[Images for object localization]
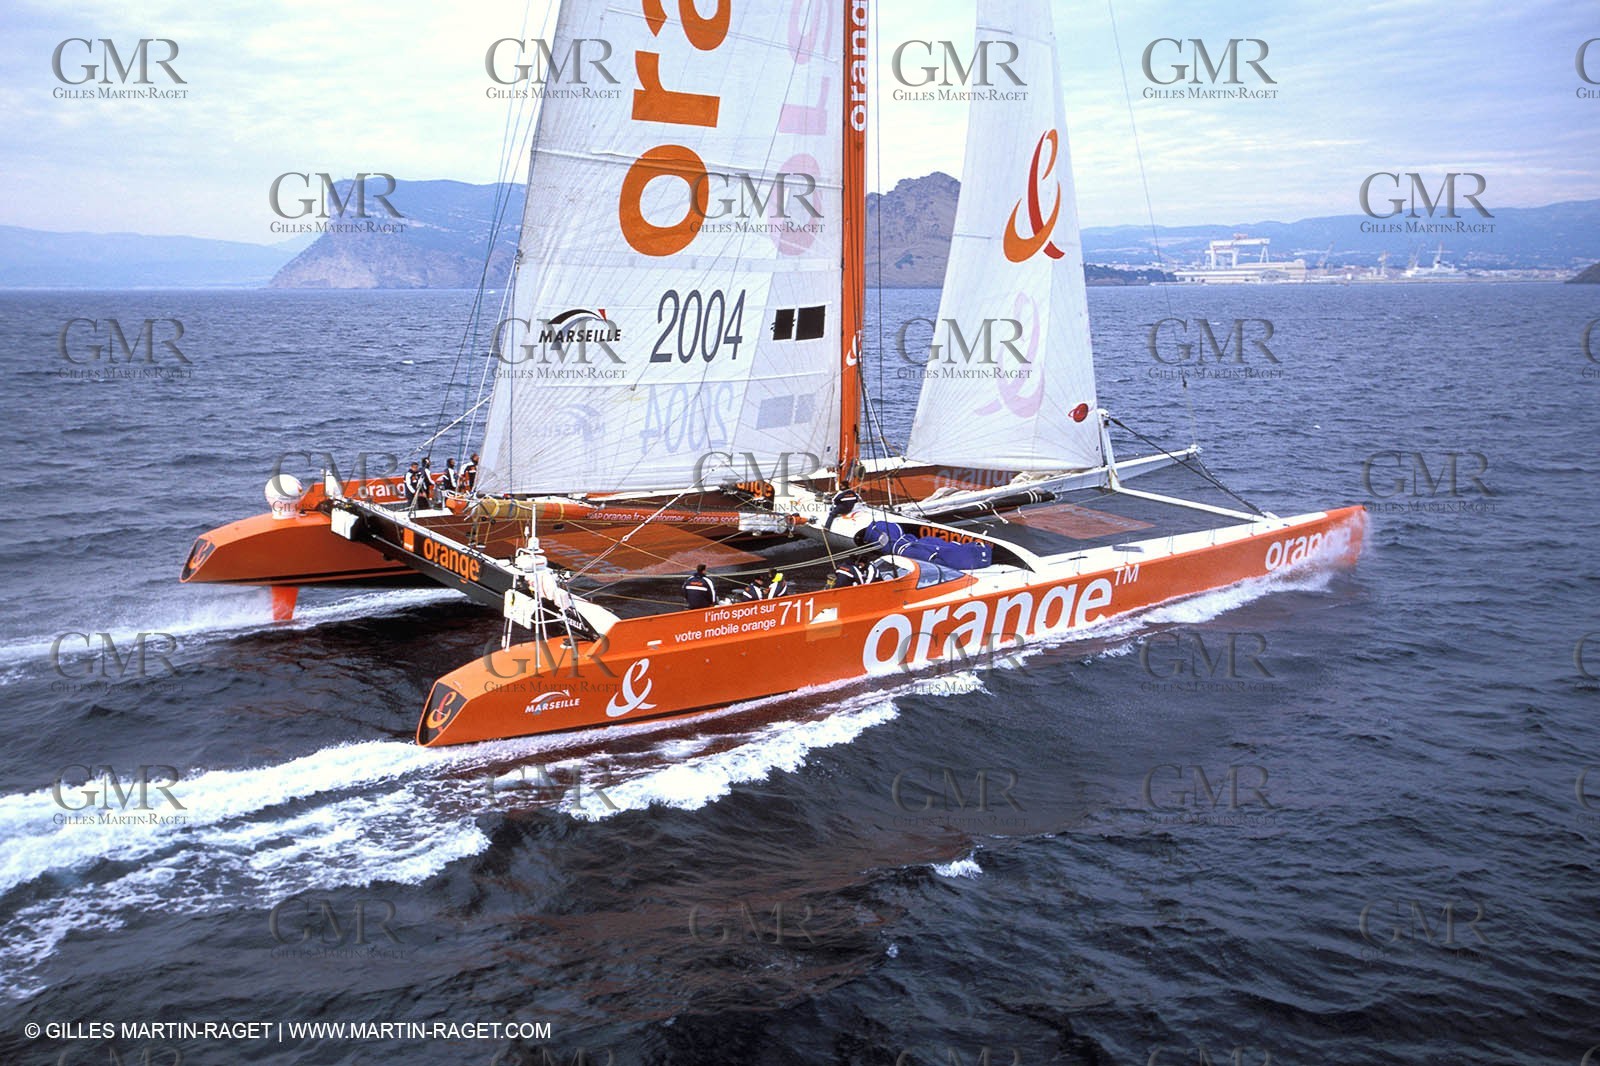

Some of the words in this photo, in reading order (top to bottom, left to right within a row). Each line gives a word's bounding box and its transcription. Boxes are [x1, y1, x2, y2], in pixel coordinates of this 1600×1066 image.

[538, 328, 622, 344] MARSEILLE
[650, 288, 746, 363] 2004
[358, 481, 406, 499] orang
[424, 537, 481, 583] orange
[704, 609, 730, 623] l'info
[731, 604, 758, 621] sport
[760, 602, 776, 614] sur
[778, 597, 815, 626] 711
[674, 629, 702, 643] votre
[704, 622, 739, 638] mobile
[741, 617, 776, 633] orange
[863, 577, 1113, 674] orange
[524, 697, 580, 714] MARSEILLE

§ **Problem requirements**: Copy every record exactly, dropping the images.

§ **Your solution**:
Some of the words in this photo, in reading order (top to bottom, left to right within a row). Each line gives a word's bounding box and its transcription. Boxes are [x1, y1, x2, y2], in pixel coordinates of this 1600×1066 image.

[538, 328, 622, 344] MARSEILLE
[650, 288, 746, 363] 2004
[358, 481, 406, 499] orang
[424, 537, 481, 583] orange
[704, 609, 730, 623] l'info
[731, 604, 758, 621] sport
[760, 602, 776, 614] sur
[778, 597, 815, 626] 711
[674, 629, 702, 643] votre
[704, 622, 739, 638] mobile
[741, 617, 776, 633] orange
[863, 577, 1113, 674] orange
[524, 697, 580, 714] MARSEILLE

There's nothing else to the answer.